Only the pictures should be dropped; copy the rest of the entries exactly.
Segment Start: DATA EXTRACTS
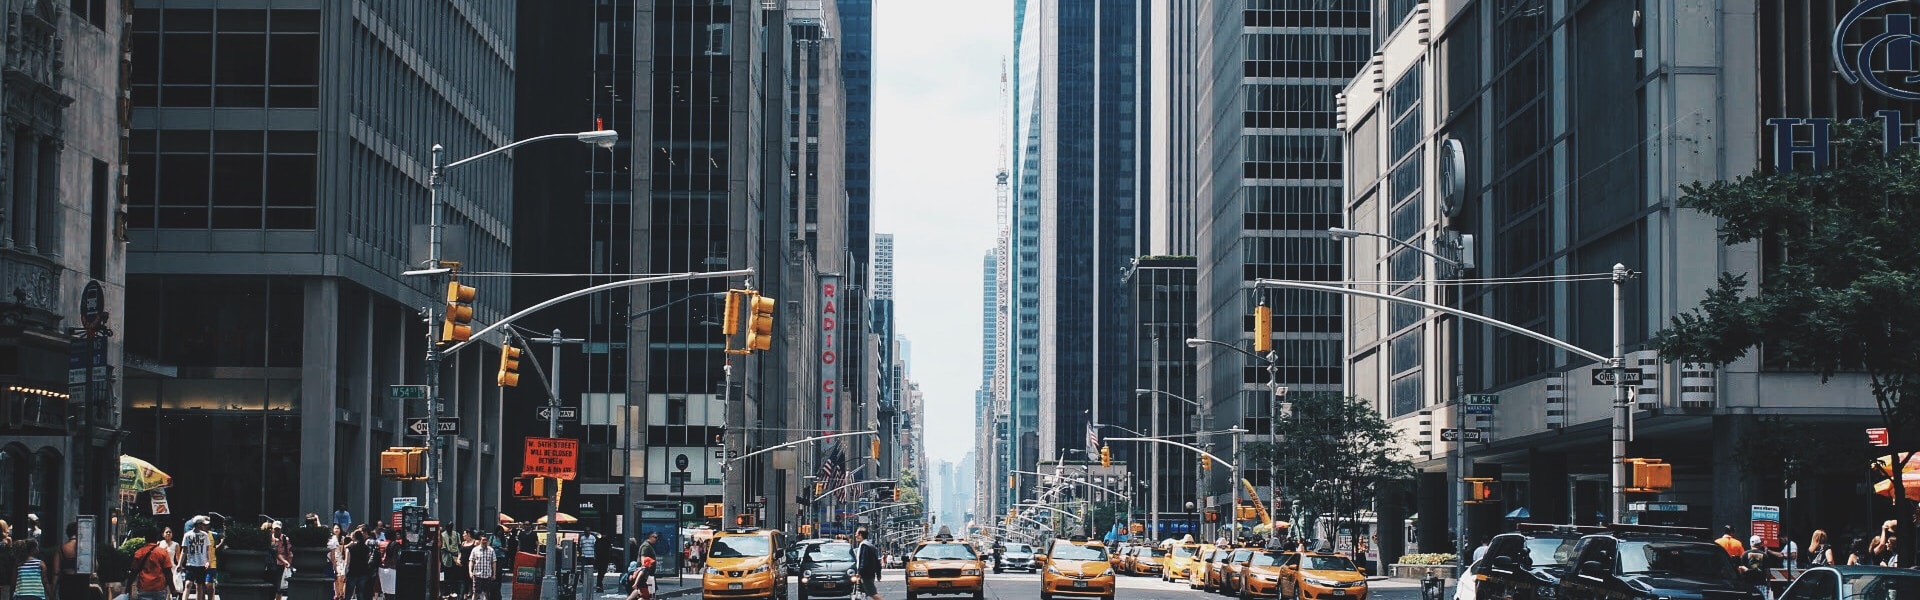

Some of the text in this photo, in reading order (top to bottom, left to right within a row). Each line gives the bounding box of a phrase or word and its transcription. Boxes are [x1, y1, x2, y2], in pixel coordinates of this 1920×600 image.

[822, 283, 836, 444] RADIO CITY
[392, 387, 399, 397] W
[400, 387, 409, 397] 54
[1472, 395, 1478, 403] W
[1481, 395, 1491, 404] 54
Segment End: DATA EXTRACTS
> _SOLUTION TO THE PROBLEM_
Some of the text in this photo, in reading order (top to bottom, left to right within a row). Each line gives the bounding box of a phrase or word and its transcription. Boxes are [x1, y1, x2, y2], in pixel coordinates of this 1920×600 image.

[822, 283, 836, 444] RADIO CITY
[392, 387, 399, 397] W
[400, 387, 409, 397] 54
[1472, 395, 1478, 403] W
[1481, 395, 1491, 404] 54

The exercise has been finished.